Dual Targeting of Prostate-Specific Membrane Antigen and Fibroblast Activation Protein: Bridging Prostate Cancer Theranostics with Precision.

Abstract

Targeting Prostate Specific Membrane Antigen (PSMA) has proven highly useful and beneficial for prostate cancer (PCa) theranostics. However, patients with advanced metastatic castration-resistant prostate cancer (mCRPC) lack optimal PSMA expression resulting in poor specificity. To address this limitation, combination targeting is gaining popularity by synergistically boosting the theranostic efficacy. Herein, we thoroughly reviewed the most recent development of drug formulation for PCa theranostics by targeting both PSMA and Fibroblast Activation Protein (FAP). FAP is known to overexpress in cancer-associated fibroblasts (CAFs) within the tumor microenvironment (TME).
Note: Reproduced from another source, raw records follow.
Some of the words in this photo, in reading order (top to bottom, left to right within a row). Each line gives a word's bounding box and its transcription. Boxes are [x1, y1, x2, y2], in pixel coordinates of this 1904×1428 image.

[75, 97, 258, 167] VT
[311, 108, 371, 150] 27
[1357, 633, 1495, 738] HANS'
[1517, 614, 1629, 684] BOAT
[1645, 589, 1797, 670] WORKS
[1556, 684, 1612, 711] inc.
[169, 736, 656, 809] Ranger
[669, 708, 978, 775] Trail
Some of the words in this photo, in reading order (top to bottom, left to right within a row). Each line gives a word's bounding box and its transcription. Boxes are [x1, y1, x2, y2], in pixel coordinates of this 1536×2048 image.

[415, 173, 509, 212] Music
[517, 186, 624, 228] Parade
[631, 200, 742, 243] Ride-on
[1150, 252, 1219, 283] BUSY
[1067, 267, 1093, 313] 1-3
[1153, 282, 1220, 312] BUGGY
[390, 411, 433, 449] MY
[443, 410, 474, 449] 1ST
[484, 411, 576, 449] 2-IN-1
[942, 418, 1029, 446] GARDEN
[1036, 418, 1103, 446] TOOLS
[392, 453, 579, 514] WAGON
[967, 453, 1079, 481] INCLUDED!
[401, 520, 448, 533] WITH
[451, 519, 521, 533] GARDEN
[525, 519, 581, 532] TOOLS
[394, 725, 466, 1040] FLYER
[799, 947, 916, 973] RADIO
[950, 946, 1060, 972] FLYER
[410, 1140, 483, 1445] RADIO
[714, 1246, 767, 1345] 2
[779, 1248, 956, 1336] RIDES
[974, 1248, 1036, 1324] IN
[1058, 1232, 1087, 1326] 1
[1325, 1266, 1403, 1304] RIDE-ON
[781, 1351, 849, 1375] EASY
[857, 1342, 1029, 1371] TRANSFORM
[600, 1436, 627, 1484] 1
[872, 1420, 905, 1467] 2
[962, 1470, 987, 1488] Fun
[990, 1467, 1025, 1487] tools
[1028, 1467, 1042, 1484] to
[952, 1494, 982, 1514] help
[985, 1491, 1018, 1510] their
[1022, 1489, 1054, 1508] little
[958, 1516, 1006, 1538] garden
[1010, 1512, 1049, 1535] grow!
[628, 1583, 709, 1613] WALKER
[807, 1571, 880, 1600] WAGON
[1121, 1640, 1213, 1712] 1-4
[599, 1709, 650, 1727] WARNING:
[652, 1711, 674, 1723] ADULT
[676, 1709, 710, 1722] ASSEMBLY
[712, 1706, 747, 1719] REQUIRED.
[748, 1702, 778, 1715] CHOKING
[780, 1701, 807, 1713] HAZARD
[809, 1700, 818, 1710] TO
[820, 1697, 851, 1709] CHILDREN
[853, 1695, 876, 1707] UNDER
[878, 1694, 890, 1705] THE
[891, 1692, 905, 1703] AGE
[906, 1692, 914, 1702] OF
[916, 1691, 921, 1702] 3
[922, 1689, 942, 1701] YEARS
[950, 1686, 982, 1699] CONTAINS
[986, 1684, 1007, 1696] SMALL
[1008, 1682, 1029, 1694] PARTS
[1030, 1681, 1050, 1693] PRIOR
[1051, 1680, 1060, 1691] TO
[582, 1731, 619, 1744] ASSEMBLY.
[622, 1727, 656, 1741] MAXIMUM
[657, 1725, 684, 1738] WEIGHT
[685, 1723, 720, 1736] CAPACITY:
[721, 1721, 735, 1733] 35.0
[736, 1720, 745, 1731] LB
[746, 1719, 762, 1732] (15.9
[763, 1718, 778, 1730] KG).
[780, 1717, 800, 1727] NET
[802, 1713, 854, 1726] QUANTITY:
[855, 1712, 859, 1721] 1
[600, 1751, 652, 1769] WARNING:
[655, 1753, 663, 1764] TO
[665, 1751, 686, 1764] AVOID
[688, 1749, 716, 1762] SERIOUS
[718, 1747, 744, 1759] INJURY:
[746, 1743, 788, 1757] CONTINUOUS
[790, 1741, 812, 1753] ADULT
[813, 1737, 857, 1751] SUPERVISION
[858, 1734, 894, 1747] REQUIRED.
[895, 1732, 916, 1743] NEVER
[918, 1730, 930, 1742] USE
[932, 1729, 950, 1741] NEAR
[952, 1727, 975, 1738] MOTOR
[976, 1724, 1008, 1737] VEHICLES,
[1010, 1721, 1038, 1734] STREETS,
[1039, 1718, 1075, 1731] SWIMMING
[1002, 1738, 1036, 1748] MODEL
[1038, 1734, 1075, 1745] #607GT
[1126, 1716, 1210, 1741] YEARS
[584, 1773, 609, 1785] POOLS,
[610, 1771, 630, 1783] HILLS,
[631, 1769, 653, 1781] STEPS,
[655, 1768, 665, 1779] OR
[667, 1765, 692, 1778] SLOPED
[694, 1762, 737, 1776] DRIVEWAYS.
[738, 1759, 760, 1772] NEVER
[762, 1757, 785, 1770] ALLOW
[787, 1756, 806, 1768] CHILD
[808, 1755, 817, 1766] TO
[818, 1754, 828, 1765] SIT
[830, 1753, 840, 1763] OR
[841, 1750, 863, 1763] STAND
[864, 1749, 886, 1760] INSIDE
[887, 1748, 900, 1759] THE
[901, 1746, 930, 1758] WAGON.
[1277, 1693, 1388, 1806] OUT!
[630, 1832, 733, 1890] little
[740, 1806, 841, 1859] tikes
It has been extensively studied as an effective target for the identification and treatment of a variety of cancer phenotypes. Along with the advantages and current updates on combination targeting of PSMA and FAP, this Review thoroughly discussed the expression patterns of PSMA and FAP in various cancer phenotypes, as well as their role in tumor growth, invasion, and metastasis, which is of great interest in the design and development of prostate cancer theranostics.